> THE DATA:
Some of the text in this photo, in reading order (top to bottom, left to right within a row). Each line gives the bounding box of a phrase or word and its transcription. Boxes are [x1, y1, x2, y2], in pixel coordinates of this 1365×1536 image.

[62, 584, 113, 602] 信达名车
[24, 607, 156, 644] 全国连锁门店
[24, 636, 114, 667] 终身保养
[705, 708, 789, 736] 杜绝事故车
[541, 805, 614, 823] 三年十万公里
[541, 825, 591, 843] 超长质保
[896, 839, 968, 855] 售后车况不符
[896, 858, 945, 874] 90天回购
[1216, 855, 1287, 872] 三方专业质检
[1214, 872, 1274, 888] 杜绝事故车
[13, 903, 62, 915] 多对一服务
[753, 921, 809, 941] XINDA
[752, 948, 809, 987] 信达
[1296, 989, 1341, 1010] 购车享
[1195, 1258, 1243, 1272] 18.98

> PROMPT:
Give back every record exactly.

> RESPONSE:
Some of the text in this photo, in reading order (top to bottom, left to right within a row). Each line gives the bounding box of a phrase or word and its transcription. Boxes are [x1, y1, x2, y2], in pixel coordinates of this 1365×1536 image.

[62, 584, 113, 602] 信达名车
[24, 607, 156, 644] 全国连锁门店
[24, 636, 114, 667] 终身保养
[705, 708, 789, 736] 杜绝事故车
[541, 805, 614, 823] 三年十万公里
[541, 825, 591, 843] 超长质保
[896, 839, 968, 855] 售后车况不符
[896, 858, 945, 874] 90天回购
[1216, 855, 1287, 872] 三方专业质检
[1214, 872, 1274, 888] 杜绝事故车
[13, 903, 62, 915] 多对一服务
[753, 921, 809, 941] XINDA
[752, 948, 809, 987] 信达
[1296, 989, 1341, 1010] 购车享
[1195, 1258, 1243, 1272] 18.98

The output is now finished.